Switzerland Toughens Due Diligence Requirements

Switzerland Toughens Due Diligence Requirements

The Swiss Federal Council has announced enhancement of due diligence requirements for preventing banks and other financial intermediaries from accepting untaxed assets.

The Federal Council has instructed the Federal Department of Finance (FATF) to submit the relevant consultation draft in the beginning of 2013. The consultation draft will be in line with the revised Financial Action Task Force recommendations.

The future enhancement is the part of Switzerland’s efforts to combat abuses in the area of money laundering and taxation. After the planned implementation of the revised recommendations of the FATF, serious tax offences will be qualified as predicate offences for money laundering. The amendments will be made in the Swiss tax laws, legislation on companies limited by shares and the Anti-Money Laundering Act, and will provide the principles of enhanced due diligence requirements to prevent the acceptance of untaxed assets.

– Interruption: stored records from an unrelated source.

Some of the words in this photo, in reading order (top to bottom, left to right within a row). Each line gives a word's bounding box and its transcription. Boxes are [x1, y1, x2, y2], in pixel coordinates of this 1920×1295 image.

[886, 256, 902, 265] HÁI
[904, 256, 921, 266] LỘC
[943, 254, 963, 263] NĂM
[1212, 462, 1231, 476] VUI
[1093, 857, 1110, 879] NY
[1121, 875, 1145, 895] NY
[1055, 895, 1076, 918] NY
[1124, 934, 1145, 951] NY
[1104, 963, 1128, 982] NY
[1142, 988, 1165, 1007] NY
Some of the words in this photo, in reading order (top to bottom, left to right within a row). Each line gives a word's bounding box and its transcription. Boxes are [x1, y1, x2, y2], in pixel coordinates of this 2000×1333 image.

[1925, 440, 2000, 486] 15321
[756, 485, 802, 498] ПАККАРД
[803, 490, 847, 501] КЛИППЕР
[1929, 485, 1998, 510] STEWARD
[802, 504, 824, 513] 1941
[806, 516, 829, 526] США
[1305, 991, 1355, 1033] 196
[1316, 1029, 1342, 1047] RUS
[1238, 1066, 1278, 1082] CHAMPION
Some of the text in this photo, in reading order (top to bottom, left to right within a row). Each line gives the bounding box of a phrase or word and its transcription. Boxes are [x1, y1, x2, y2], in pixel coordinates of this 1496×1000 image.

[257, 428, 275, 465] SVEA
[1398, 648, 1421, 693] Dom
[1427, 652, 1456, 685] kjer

Within the scope of the revised due diligence requirements, the financial intermediary will be able to request a self-declaration from clients on the fulfillment of their tax obligations. The self-declaration will be an indicator of the tax-compliant conduct of the client.

The Federal Department of Finance will also form an independent group of experts for drawing up principles for the further development of Switzerland's financial market strategy.